Rubén Darío. (1867 -1916 )


Eran días de Diciembre de 1866. Una carreta había salido de León, con dos mujeres, Josefa Sarmiento y su joven sobrina Rosa Sarmiento de García Darío. La tía era en viaje para motivos de comercio, mientras la sobrina esperaba el nacimiento de su primer hijo. Aires de Navidad harían frio a los caminos, y Rosa, muy pensativa, soñaba con Belén, el pueblecito donde nacío el Mesías. Rosa había dejado la gran ciudad, León, iba a esperar a su propio niño en otro pueblo pintoresco: Metapa. Que paz, como la paz de que habla el Evangelio como señal del nacimiento divino. ¿Qué clase de niño era que iba a nacer en días pascuales? Felíx Rubén Garcia-Sarmiento conocido como Rubén Darío, nacío el 18 de enero en Metapa, Nicaragua pero su familia se mudó a León un mes después de su nacimiento. 
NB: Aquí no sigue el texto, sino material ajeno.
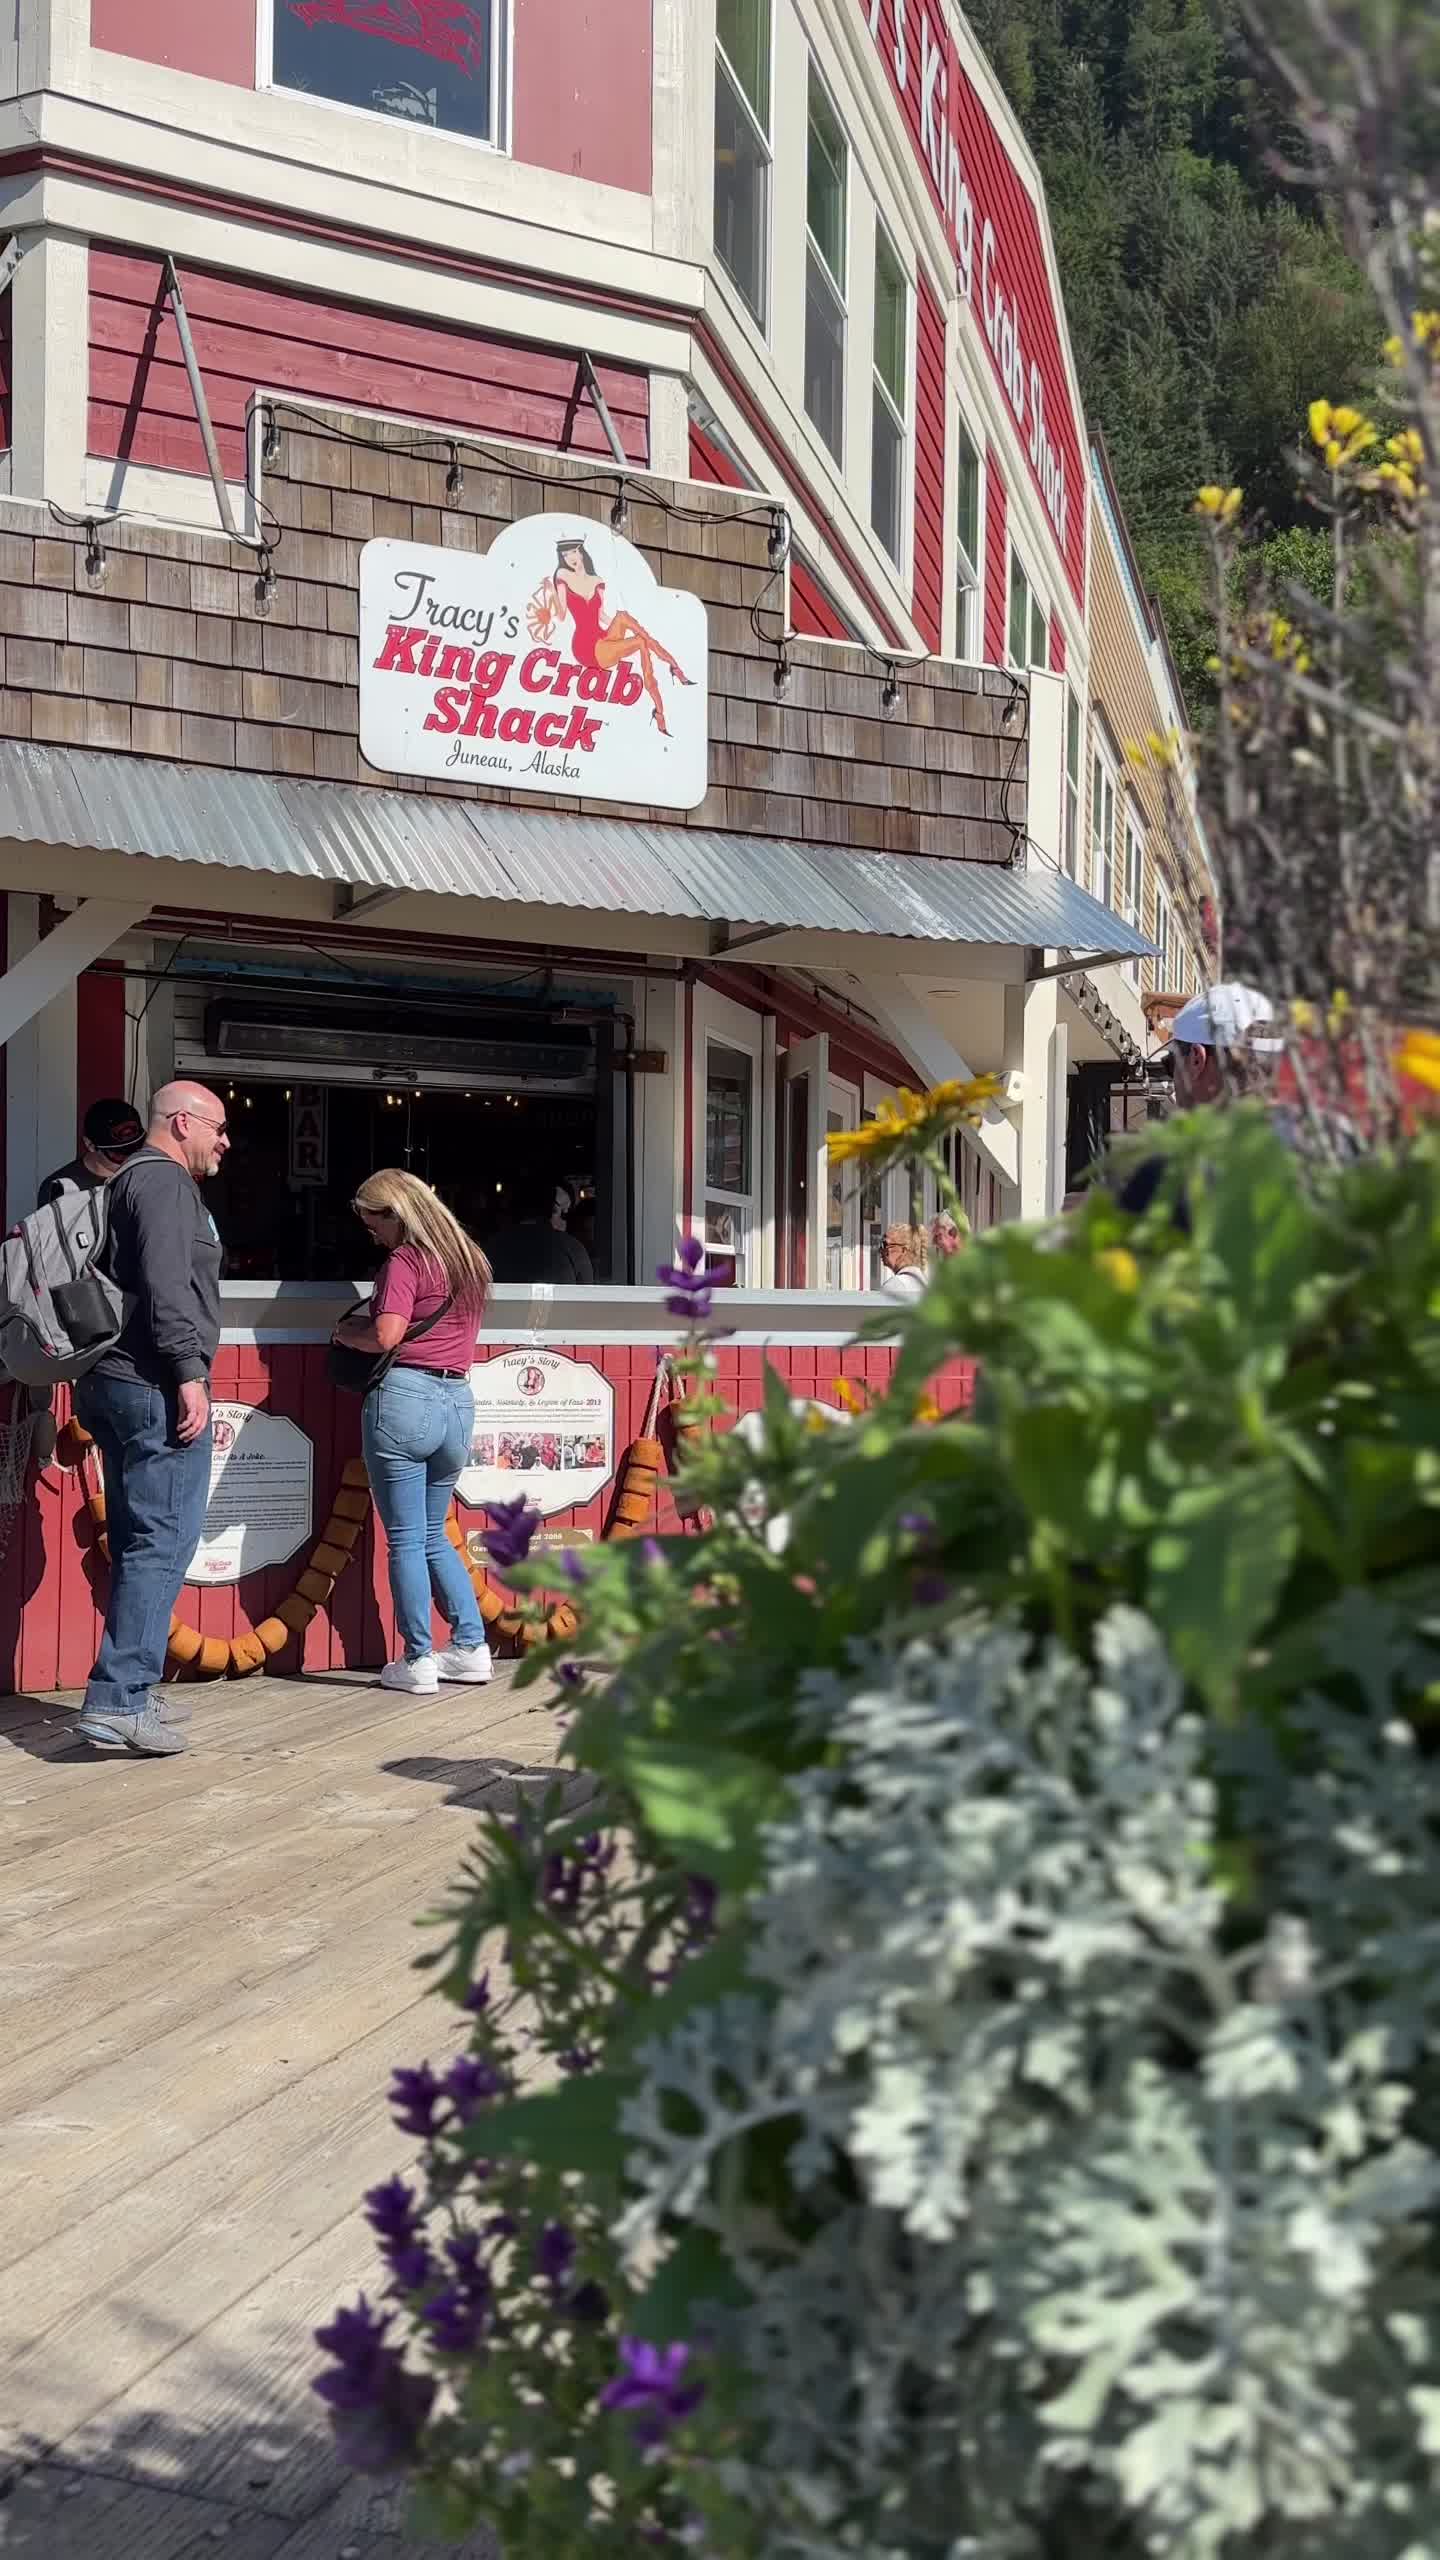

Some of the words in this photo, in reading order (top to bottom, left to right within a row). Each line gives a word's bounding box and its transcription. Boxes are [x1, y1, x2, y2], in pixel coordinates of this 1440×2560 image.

[920, 8, 974, 305] King
[981, 217, 1024, 426] Crab
[1030, 358, 1067, 558] Shack
[387, 570, 520, 647] Tracy's
[372, 624, 515, 698] King
[519, 646, 645, 707] Crab
[422, 686, 603, 753] Shack
[445, 739, 513, 773] Juneau,
[519, 750, 581, 780] Alaska
[502, 1355, 536, 1369] Tracy's
[537, 1356, 561, 1369] Story
[227, 1409, 254, 1423] Story
A la edad de doce años Rubén Darío publico sus primos poemas "La Fé", "Una Lagrima" y "El Desengaño". En 1882 cuando Rubén tenía solamente quince años se presento antes del Presidente Joaquin Zavala. Preguntó al Presidente si el pudiera ir a estudiar en Europa. Pero Darío le preguntó este después de haberle presentado un poema muy en contra de su patria y la religión de su patria. Después de haber oido este poema el Presidente le dío; una respuesta muy única a Rubén Darío. Le dijo, " Hijo mío, si asi escribes ahora contra la religión de tus padres y de tu patria, que será si te vas a Europa a aprender cosas peores?". Y por esto Darío no fue a Europa. 

Después se casó con Rosario Murillo, y se mudaron a El Salvador donde encontré a Francisco Gavidia. Gavidia le presentó la poesia Castileña.En 1883, volvio a Nicaragua. Rubén Darío tení muchos trabajos en su vida, pero una cosa que puede ser probablemente la más importante es que Darío es considerado el padre del modernismo.El modernismo es un movimiento muy importante en la historia de la literatura española. El Modernismo fue hecho por el symbolismo de los franceses y la escuela parnasiana. Pero mucho más viene de los franceses porque el modernismo es muy espotáneo, pero mucho del modernismo viene de los classicos españoles también.Rubén Darío participó con, o fue el líder de, muchos movimientos literarios en Chile, España, Argentina, y Nicaragua. 

El movimiento modernista era una recopilación de tres movimientos de Europa: romanticismo, símbolismo, y el parnasianismo. Estas ideas expresan pasión, arte visual, y armonías y ritmos como música. Darío fue un genio de este movimiento. Su estilo es exótico y muy colorado. Sus poemas especialmente contienen todos estos sentimientos. En su poema "Canción de Otoño en Primavera." hay mucha evidencia de pasión y emociones fuertes. Pronto muchos literarios comenzaron a usar su estilo en una forma muy elgante, y cuidadosa, usando su estilo y sus palabras para hacer musíca con la poesía. Su talento fue reconocido y por eso empezó a escribir más y mejor. Luego, viajó a España donde sucumbió a mucha influencia de Europa,una influencia muy liberal. 

Sus ideas nuevas fueron reflejadas en su poesía de romanticismo y amor. En 1888 publicó la primera recopilación de sus poemas que se llama Epístolas y poemas (1885) y despues vino Azul que es recordado por su "símbolismo y sus imágenes exóticas"(Microsoft Encarta). Otras obras famosas de Rubén Darío son Prosas Profanas y Otros Poemas (1892), Los raros (1896), y Cantos de Vida y Esperanza(1905). Probablemente, el poema más famoso de Rubén Darío es "Canción de Otoño en Primavera." Sus sentimientos son expresados en toda su literatura. Rubén Darío es considerado ser el poeta más importante que escribío en español afuera de la España y es fácilmente unos de los personajesmás reverenciados en Nicaragua.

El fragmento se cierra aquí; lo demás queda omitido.